Les associations gestionnaires sont ainsi diversement positionnées selon un axe social-économique et selon un axe privé-public qui permettent de repérer schématiquement quatre champs d’activité des associations gestionnaires.

Cependant, cette présentation simplifiée en quatre cadrants distincts, peut occulter les nombreux cas d’interférence des types d’activité et de situation à l’intérieur d’une même association. Ce chevauchement traduit en fait la double ambivalence de la plupart des associations gestionnaires qui peut se traduire aussi par une véritable ambiguïté.
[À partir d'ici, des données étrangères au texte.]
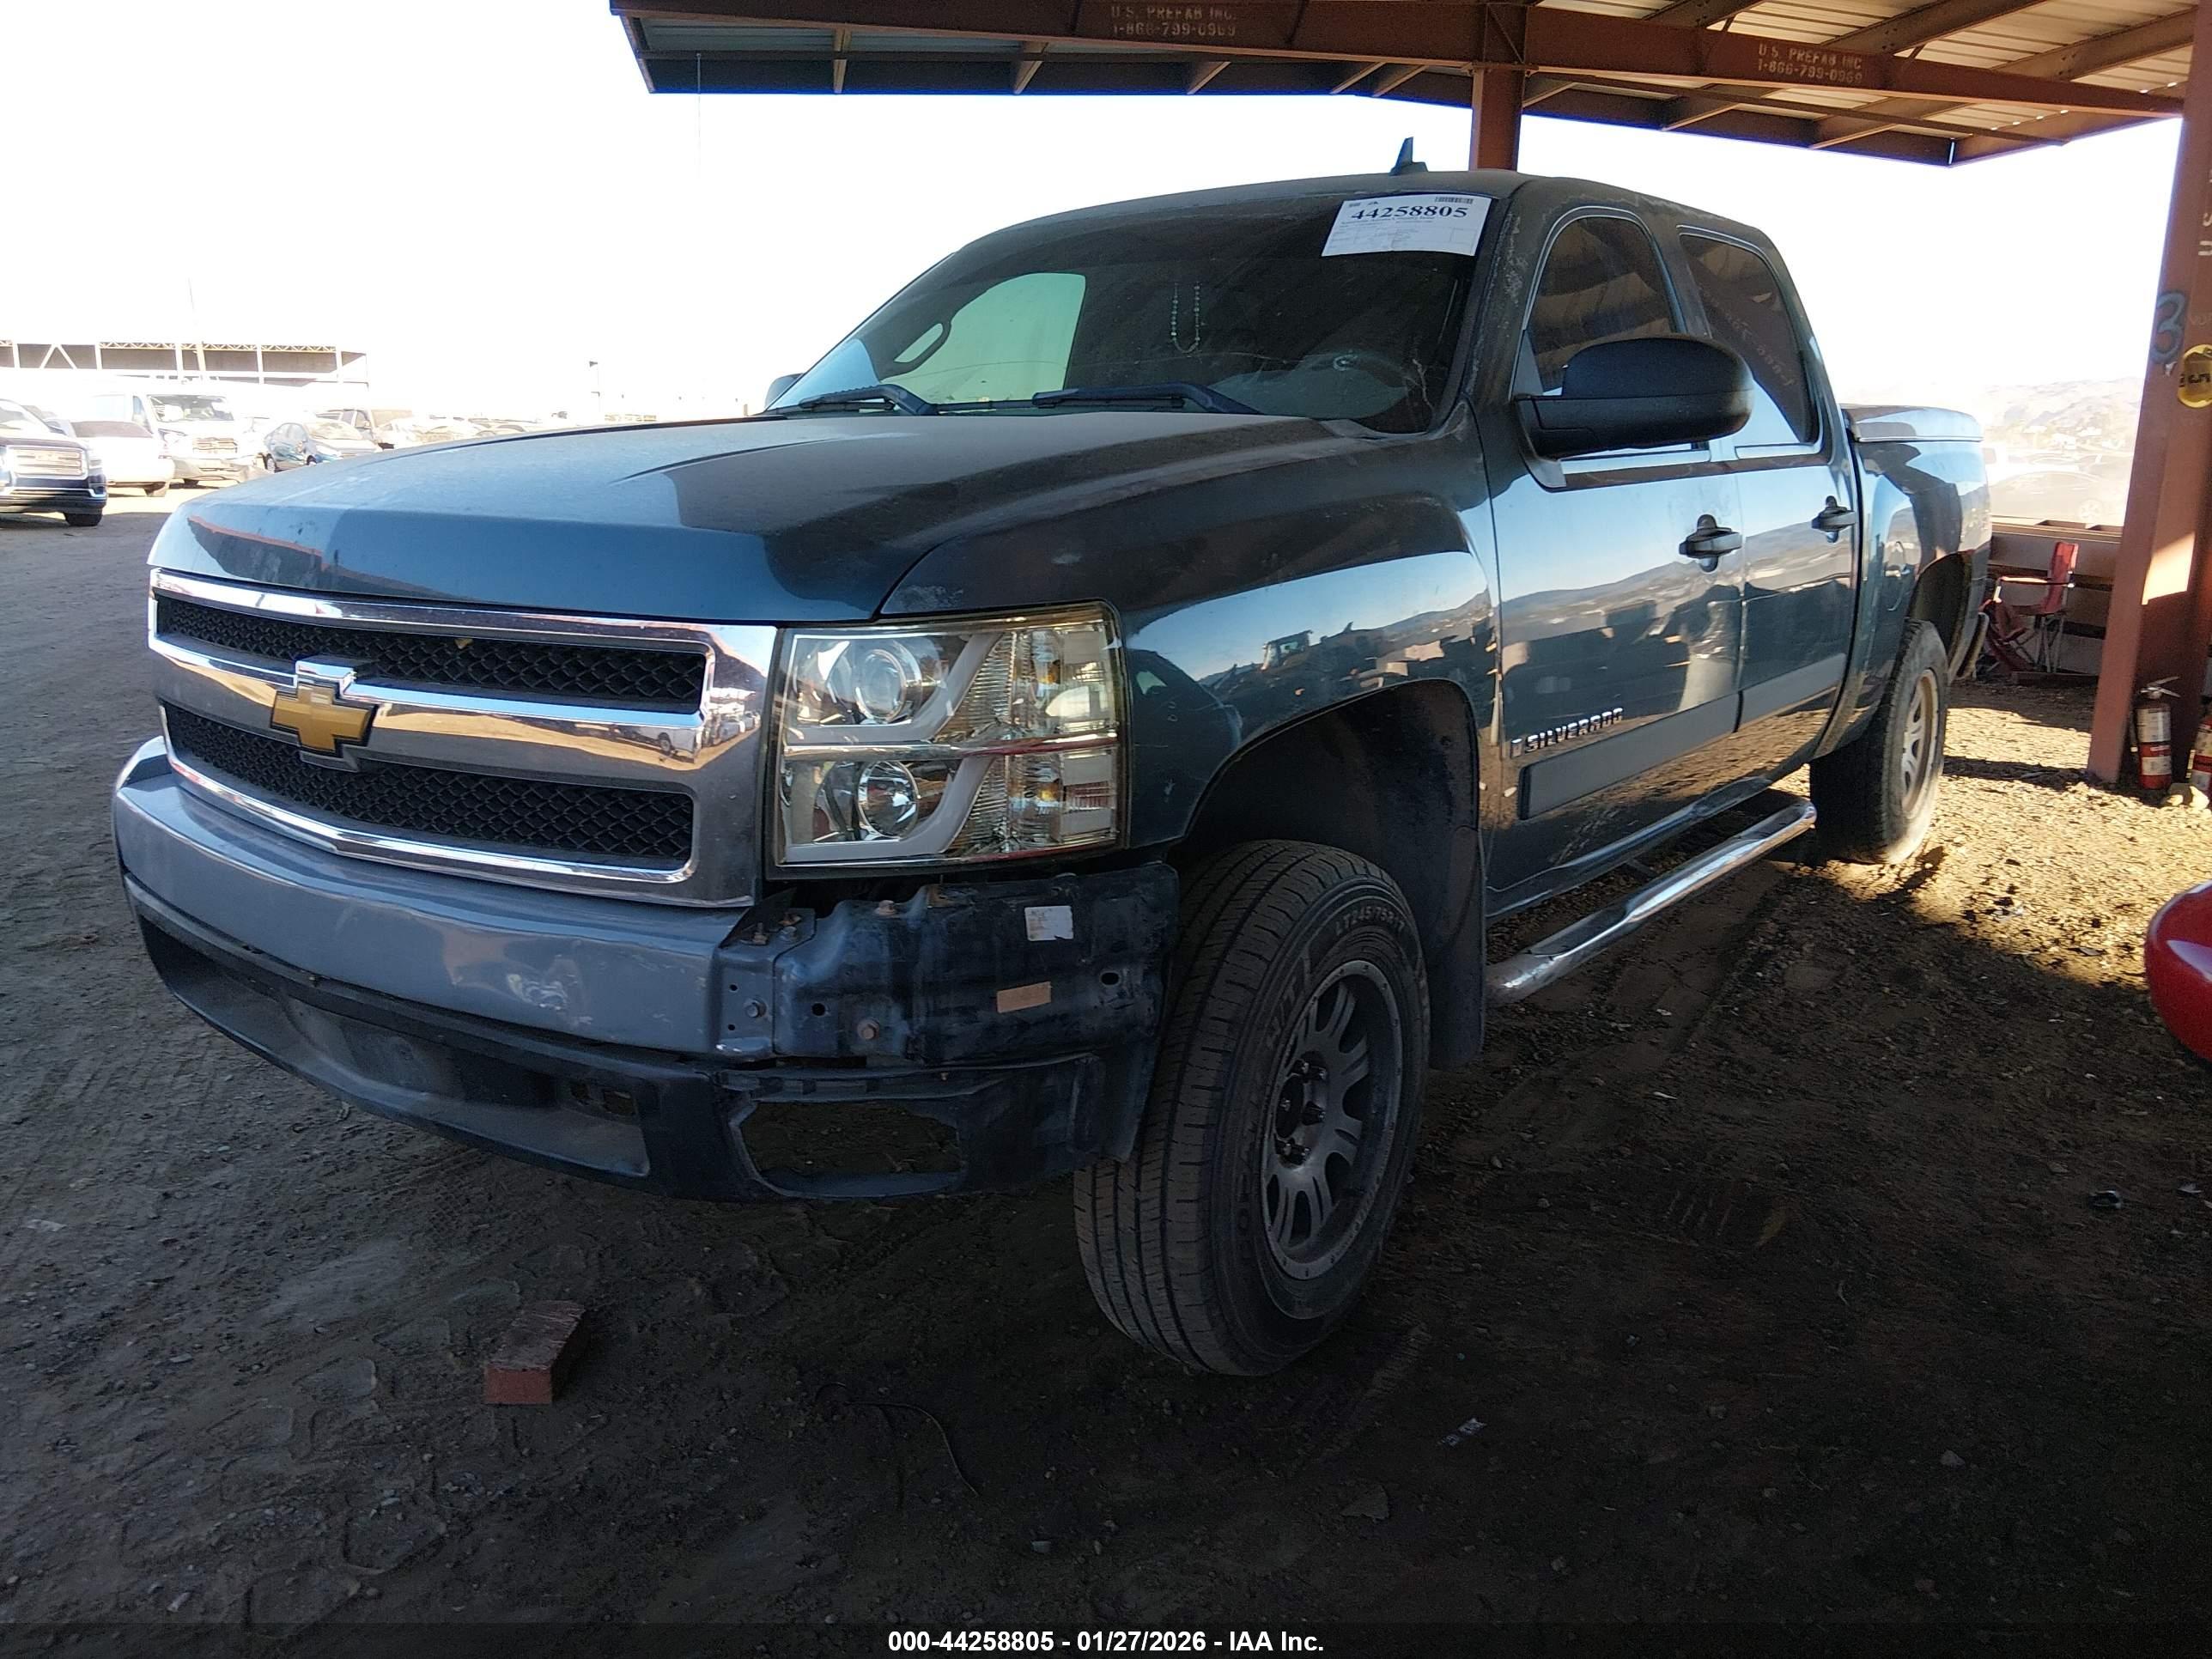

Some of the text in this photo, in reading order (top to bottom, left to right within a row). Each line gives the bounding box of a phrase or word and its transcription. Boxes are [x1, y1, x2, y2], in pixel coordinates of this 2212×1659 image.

Les concepts d’entreprise et d’entrepreneur peuvent-ils être étendus à l’association gestionnaire ?

L’entreprise est un concept économique beaucoup plus qu’une notion juridique. Cependant, de nombreux textes législatifs ou jurisprudentiels, dont ceux relatifs au droit du travail ou au droit fiscal, se réfèrent concrètement à l’entreprise individuelle (alors confondue avec la personne physique de l’entrepreneur) et à l’entreprise collective propriété d’une personne morale qui peut être une société ou toute autre forme de groupement dont celle de l’association. D’ailleurs, des lois telles celles du 1er mars 1984, du 25 janvier 1985 et, plus récemment, la loi Sapin du 29 janvier 1993, ont assimilé le traitement appliqué aux associations exerçant des activités économiques, à celui du droit commun, en matière de prévention des difficultés des entreprises, de redressement ou de liquidation judiciaire.

Mais si l’entreprise est d’abord un concept économique, il faut alors se référer au discours économique qui lui a conféré son sens originel. Ici, pas de surprise : c’est bien le « discours économique » libéral, fondé sur le paradigme de l’individualisme, les motivations égocentriques ou utilitaristes, qui a forgé le concept de l’entreprise à partir de celui de l’entrepreneur individuel.

Les théoriciens modernes de la « gouvernance d’entreprise » (« corporate governance »), en replaçant le critère de la profitabilité optimale des capitaux investis ou de la recherche de « valeur » au profit exclusif des actionnaires des grandes sociétés et de leurs groupes, en tête des critères et indicateurs de la performance économique, se sont donc efforcés de réhabiliter le dogme individualiste qui est au cœur de la « pensée unique » contemporaine. Ainsi, ce n’est pas sans un certain abus de langage que l’on peut parler « d’entrepreneur associatif ».

Les auteurs qui se sont interrogés sur la question, « l’entreprise associative est-elle une entreprise comme les autres ? », ont pu répondre « oui mais » ou bien ont parlé de « quasi entreprise »3 . Ce sont bien des entreprises du point de vue des formes d’organisation productive, mais ce ne sont pas des entreprises comme les autres puisqu’elles appartiennent à la catégorie des organisations sans but lucratif et se distinguent donc fondamentalement du modèle classique de l’entreprise et de l’entrepreneur « capitaliste » par les motivations allocentriques, et non pas égocentriques, qui les animent.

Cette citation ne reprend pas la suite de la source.